I don’t know who wrote this but I honestly believe that if we all did it every day we would not have to look for happiness, it would find us.


When we feel love and kindness toward others, it not only makes others feel loved and cared for, but it helps us also to develop inner happiness and peace.

The Dalai Lama


A seven year old boy was at the center of Chicago courtroom drama this week when he challenged a court ruling over who should have custody of him.  

The boy has a history of being beaten by his parents, and the judge initially awarded custody to his aunt, in keeping with the child custody law and regulations requiring that family unity be maintained to the degree possible.  

The boy surprised the court when he proclaimed that his aunt beat him more than his parents, and he adamantly refused to live with her.  

When the judge suggested that he live with his grandparents, the boy cried out that they also beat him. After considering the remainder of the immediate family and learning that domestic violence was apparently a way of life among them, the judge took the unprecedented step of allowing the boy to propose who should have custody of him.  

After two recesses to check legal references and confer with child welfare officials, the judge granted temporary custody to the Chicago Cubs, whom the boy firmly believes are not capable of beating anyone.  


Q.  What is worse than being a bachelor?

A.  Being a Bachelor’s son.


Top Ten Signs You’re Being Stalked by Martha Stewart

10. You get a threatening note made up of letters cut out of a magazine with pinking shears, and they’re all the same size, the same font, and precisely lined up in razor-sharp rows.
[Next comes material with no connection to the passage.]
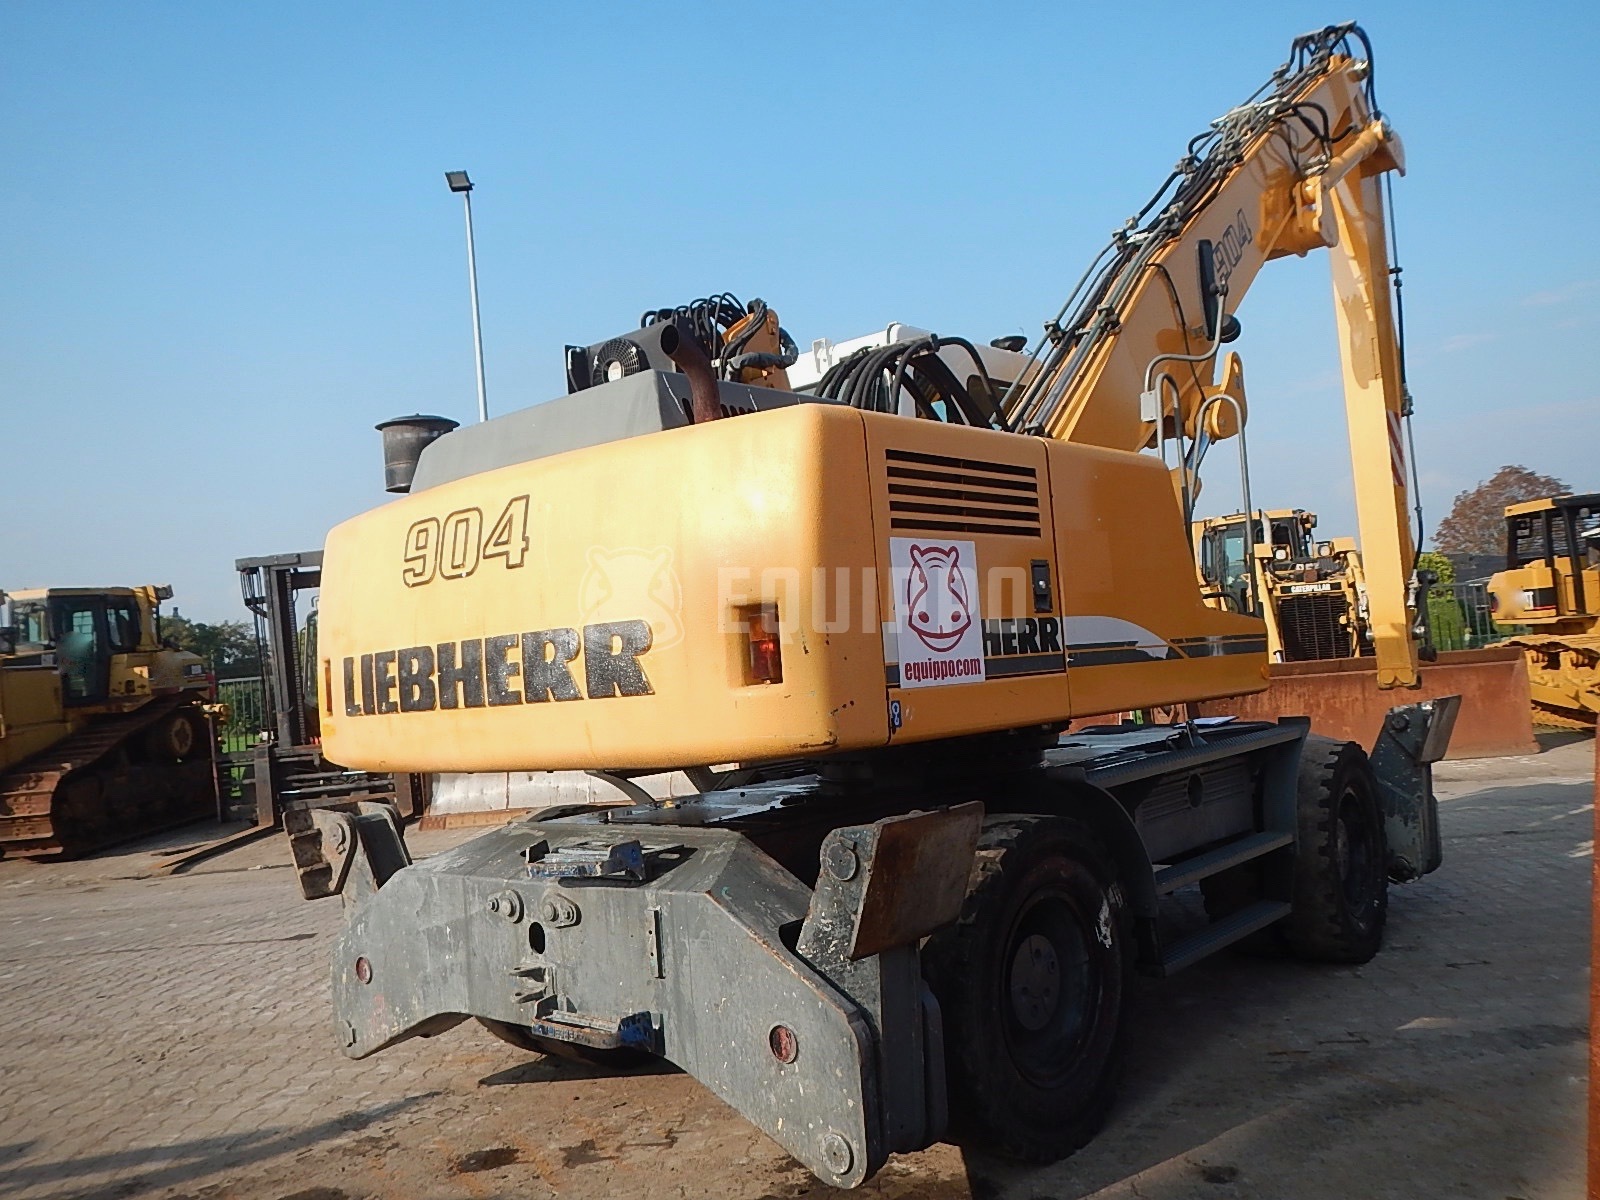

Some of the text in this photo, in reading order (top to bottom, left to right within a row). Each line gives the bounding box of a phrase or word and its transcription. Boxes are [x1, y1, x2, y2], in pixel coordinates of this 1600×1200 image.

[403, 494, 530, 587] 904
[343, 619, 656, 717] LIEBHERR
[904, 657, 982, 682] equippo.com
9. You find a lemon slice in the dog’s water bowl.

8. On her TV show she makes a gingerbread house that looks exactly like your split-level, right down to the fallen licorice downspout and the half-open graham cracker garage door.
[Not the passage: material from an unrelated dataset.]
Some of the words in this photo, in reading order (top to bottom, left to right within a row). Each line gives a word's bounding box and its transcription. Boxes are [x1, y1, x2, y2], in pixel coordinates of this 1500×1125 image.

7. You find your pet bunny on the stove in an exquisite tarragon, rose petal & saffron demi-glace’, with pecan-crusted hearts of palm and a delicate mint-fennel sauce.

6. The unmistakable aroma of potpourri follows you even after you leave the bathroom.

5. You discover that every napkin in the entire house has been folded into a swan.

4. No matter "where" you eat, your place setting always includes an oyster fork.

3. Twice this week you’ve been the victim of a drive-by doilying.

2. You wake up in the hospital with a concussion and endive stuffing in every orifice.

AND THE NUMBER 1 Sign You’re Being Stalked by Martha Stewart…

1. You awaken one morning with a glue gun pointed squarely at your temple.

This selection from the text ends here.